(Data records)

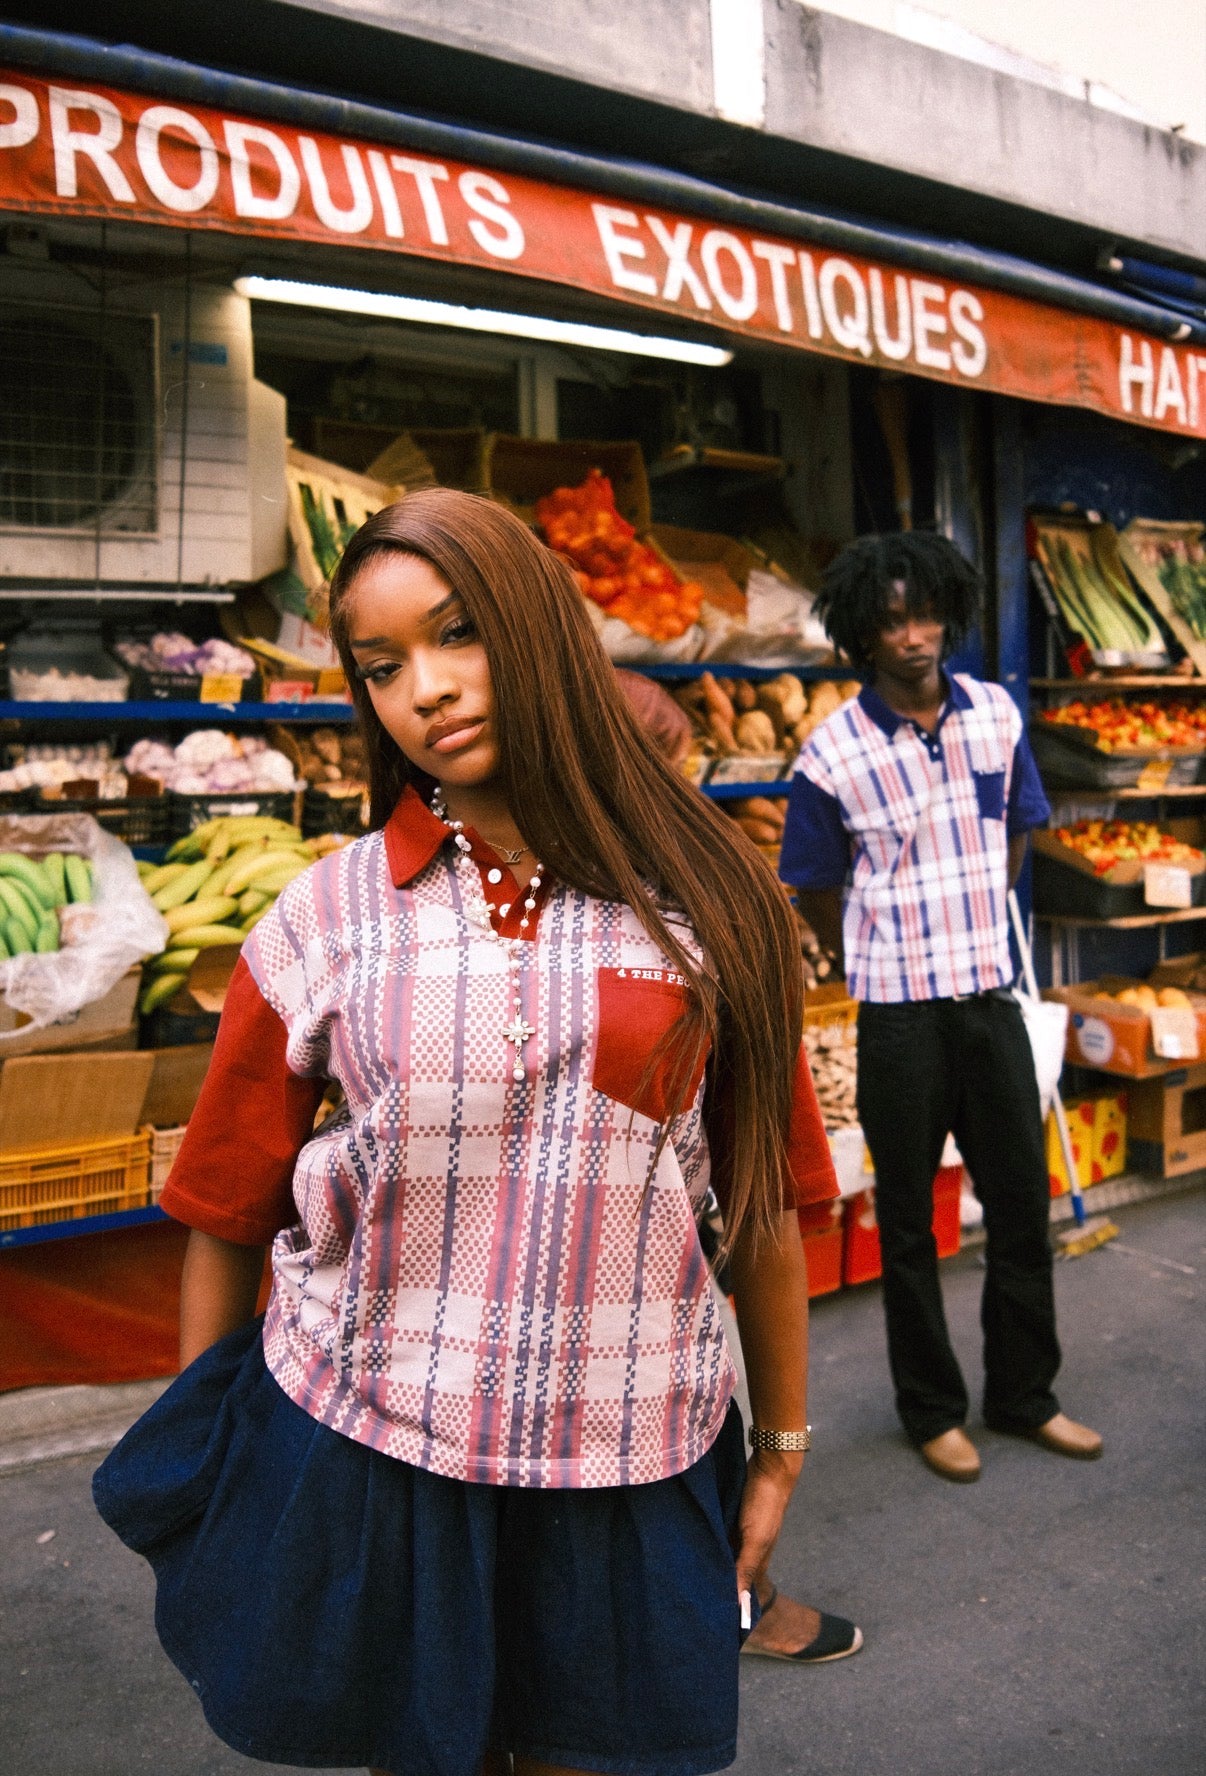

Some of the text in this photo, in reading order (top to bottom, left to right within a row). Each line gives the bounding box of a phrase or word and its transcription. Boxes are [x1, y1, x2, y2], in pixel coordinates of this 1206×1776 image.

[591, 203, 988, 378] EXOTIQUES
[1118, 332, 1206, 429] HAI
[617, 968, 627, 978] 4
[631, 969, 662, 980] THE

• What you are asked to do: Reproduce all of the data exactly, omitting each picture it holds.

• Result of this exercise:
Some of the text in this photo, in reading order (top to bottom, left to right within a row). Each line gives the bounding box of a phrase or word and its transcription. Boxes are [x1, y1, x2, y2], in pixel coordinates of this 1206×1776 image.

[591, 203, 988, 378] EXOTIQUES
[1118, 332, 1206, 429] HAI
[617, 968, 627, 978] 4
[631, 969, 662, 980] THE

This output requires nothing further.